“Devoción” significa “entrega”,
don de nosotros mismos a alguien. Es
decir, somos devotos de la Virgen si nos entregamos enteramente a Ella y, por
Ella, a Dios. Y ¿qué es lo que debemos
dar a la Virgen al decir que nos entregamos enteramente a Ella? Todo nuestro ser, comenzando por el
alma. Nosotros damos a la Virgen nuestra
inteligencia con la veneración más
profunda, nuestra voluntad con
nuestra confianza absoluta en Ella, nuestro corazón
con el amor más filial y, todo
nuestro ser con la imitación de sus virtudes. Veámoslo por partes, sabiendo que la Iglesia
nos orienta en este camino.
1)
VENERACIÓN PROFUNDA: Esta veneración se funda en la dignidad de Madre de Dios, el don más
grande que María ha recibido, y en las consecuencias que de ella se
derivan. Nunca podremos estimar
demasiado a Aquella que el Verbo
Encarnado reverencia como Madre; que el Padre
contempla amorosamente como Hija predilecta; que el Espíritu Santo mira como su santuario. El Padre
la trata con el máximo respeto, enviándole un ángel que la saluda “llena de
gracia” y le pide su consentimiento para la Obra de la Encarnación. El Hijo
la venera y la ama como a Madre y la obedece. El Espíritu Santo viene a Ella y la ama como a su Esposa o a su Templo. Así que, venerando a María, no hacemos otra
cosa que asociarnos a las tres Divinas Personas y estimar lo que ellas
estiman. Que nuestra inteligencia contemple así a María y la venera
profundamente.
2)
CONFIANZA ABSOLUTA: Nuestra confianza se funda en el poder y en la bondad de María. Su poder de intercesión es muy grande, ya
que Dios no quiere rehusar nada que le pida Aquella a quien venera y ama más
que a todas las criaturas. Es justo:
habiendo dado a Jesús la naturaleza humana con la que pudo merecer nuestra
salvación, y habiendo colaborado como “asociada”

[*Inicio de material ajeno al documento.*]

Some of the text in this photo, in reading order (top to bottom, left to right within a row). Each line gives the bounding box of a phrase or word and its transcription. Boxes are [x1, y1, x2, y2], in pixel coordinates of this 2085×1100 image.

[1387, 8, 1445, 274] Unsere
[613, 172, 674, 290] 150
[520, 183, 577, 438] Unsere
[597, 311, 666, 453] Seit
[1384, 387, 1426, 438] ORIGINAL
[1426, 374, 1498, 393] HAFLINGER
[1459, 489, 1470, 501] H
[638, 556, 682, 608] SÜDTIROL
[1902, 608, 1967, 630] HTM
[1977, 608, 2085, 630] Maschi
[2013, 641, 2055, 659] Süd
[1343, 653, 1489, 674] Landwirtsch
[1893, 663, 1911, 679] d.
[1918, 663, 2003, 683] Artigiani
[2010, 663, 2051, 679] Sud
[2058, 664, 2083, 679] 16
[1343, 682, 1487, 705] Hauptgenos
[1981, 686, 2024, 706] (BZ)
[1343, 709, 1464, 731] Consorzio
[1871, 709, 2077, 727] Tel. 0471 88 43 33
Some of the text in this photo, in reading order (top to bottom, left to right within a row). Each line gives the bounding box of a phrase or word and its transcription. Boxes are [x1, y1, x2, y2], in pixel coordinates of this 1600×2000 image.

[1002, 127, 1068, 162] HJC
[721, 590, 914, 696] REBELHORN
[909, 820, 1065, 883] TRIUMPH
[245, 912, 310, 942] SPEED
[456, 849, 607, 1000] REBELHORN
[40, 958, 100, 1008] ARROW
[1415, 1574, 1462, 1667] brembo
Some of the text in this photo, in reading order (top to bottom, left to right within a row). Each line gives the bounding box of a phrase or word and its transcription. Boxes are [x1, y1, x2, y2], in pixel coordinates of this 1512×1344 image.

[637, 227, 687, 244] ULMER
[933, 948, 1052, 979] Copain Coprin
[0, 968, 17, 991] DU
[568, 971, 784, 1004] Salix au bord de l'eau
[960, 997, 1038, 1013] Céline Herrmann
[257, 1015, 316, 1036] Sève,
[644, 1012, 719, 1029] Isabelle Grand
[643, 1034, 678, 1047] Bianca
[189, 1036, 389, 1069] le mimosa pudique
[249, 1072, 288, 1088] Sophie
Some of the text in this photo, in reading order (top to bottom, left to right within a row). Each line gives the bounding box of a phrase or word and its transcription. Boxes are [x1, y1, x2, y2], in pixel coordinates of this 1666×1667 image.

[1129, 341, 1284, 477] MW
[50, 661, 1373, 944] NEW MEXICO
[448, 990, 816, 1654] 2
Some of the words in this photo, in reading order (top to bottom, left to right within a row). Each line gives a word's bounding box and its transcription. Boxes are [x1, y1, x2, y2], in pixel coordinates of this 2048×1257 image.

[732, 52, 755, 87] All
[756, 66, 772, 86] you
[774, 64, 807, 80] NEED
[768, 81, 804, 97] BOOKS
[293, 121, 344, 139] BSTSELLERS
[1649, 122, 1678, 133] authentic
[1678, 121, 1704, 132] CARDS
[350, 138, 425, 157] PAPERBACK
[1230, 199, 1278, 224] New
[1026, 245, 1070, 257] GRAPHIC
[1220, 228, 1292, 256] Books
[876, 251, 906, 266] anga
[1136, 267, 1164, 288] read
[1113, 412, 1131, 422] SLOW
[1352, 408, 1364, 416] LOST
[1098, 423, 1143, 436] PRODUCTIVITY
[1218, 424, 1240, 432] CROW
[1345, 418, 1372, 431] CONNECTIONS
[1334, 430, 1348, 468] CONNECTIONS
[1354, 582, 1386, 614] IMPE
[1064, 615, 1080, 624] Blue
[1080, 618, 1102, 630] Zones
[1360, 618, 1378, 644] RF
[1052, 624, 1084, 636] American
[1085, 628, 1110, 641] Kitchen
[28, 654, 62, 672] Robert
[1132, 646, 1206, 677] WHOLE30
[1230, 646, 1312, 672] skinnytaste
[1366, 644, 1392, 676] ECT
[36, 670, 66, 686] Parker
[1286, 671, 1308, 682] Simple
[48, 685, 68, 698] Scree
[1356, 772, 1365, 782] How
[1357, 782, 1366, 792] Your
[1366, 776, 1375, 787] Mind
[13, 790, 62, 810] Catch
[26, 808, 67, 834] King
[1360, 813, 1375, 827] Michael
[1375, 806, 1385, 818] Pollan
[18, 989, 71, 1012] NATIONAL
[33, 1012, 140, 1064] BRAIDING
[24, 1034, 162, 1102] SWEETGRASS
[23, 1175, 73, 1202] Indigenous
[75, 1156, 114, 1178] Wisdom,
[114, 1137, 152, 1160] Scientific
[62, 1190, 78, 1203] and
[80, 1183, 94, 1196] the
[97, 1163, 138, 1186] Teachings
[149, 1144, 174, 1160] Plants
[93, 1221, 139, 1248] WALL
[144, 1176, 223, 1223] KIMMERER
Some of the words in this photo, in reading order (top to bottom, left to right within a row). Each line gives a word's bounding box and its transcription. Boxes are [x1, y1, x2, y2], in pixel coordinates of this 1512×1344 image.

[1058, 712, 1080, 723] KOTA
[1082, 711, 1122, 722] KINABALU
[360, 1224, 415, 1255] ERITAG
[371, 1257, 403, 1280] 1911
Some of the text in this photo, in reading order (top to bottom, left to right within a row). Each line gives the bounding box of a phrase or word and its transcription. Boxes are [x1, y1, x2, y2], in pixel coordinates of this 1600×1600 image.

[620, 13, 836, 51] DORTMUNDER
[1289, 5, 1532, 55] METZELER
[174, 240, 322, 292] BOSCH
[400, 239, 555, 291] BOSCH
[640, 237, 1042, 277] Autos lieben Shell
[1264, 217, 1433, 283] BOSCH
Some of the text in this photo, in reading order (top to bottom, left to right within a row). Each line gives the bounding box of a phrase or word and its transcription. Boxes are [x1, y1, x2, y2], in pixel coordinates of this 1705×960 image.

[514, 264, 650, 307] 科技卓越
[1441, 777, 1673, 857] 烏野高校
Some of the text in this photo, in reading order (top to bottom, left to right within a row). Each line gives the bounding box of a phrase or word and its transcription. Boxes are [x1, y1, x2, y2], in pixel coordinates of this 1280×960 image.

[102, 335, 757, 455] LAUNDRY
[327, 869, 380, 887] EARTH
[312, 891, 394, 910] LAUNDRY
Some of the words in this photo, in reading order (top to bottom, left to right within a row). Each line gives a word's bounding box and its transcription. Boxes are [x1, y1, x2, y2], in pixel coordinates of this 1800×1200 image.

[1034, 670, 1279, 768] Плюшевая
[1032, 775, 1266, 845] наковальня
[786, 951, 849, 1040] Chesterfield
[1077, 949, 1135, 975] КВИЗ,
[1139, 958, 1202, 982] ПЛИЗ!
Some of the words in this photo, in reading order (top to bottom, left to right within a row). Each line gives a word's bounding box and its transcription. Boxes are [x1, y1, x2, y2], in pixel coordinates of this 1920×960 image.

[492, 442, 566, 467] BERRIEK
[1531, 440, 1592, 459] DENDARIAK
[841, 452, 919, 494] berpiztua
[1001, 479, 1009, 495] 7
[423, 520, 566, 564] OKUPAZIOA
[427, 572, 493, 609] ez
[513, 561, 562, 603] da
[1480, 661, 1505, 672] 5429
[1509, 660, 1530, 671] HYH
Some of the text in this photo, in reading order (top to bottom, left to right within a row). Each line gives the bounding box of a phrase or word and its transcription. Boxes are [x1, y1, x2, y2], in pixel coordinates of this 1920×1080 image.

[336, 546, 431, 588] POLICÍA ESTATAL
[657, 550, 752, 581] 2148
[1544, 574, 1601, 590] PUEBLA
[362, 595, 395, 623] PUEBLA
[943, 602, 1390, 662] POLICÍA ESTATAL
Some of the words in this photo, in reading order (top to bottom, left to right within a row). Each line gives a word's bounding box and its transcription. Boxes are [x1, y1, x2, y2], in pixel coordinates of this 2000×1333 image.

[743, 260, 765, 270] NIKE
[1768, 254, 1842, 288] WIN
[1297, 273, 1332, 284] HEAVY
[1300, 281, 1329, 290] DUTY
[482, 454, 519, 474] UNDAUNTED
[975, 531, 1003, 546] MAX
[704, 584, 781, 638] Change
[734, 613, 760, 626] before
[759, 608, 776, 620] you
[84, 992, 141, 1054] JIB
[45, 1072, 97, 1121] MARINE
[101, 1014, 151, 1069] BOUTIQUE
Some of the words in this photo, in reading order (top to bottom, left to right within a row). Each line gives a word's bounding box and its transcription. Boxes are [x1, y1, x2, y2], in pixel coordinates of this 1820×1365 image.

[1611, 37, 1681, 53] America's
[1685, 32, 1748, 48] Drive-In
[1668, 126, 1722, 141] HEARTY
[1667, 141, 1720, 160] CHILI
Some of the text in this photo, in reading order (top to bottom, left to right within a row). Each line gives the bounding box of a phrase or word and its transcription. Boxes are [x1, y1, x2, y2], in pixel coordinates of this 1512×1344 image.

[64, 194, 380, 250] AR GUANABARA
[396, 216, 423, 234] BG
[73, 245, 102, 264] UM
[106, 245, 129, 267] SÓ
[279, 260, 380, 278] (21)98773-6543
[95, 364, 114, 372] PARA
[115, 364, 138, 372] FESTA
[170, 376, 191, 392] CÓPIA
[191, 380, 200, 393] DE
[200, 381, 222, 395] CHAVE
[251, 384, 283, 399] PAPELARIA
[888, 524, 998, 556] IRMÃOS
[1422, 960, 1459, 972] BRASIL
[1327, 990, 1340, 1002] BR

con sus actos y sus sufrimientos en
la Obra de nuestra Redención; por eso llamamos a María “omnipotencia suplicante”: lo puede todo por medio de sus súplicas
al Padre, a su Hijo y al Espíritu Santo.
Y en cuanto a la bondad, es la
de una Madre que derrama sobre sus hijos, miembros de Cristo, todo el afecto
que tiene para con Jesús. Ella nos ve en
Jesús y nos ama con aquel corazón que Dios preparó en Ella para que amase de un
modo digno a su Hijo-Dios. Confianza absoluta tengamos en María,
nuestra Madre y Madre de Dios, con cuya protección y ayuda podemos contar siempre.
3)
EL AMOR: Amor
filial, lleno de candor, de sencillez, de ternura y de generosidad. María es la más amable de las madres, porque
Dios la pensó, la destinó, la preparó y la hizo Madre de su Hijo; y por eso le
dio todas las cualidades que hacen amable a una persona: la delicadeza, la
finura, la bondad, la abnegación de una madre.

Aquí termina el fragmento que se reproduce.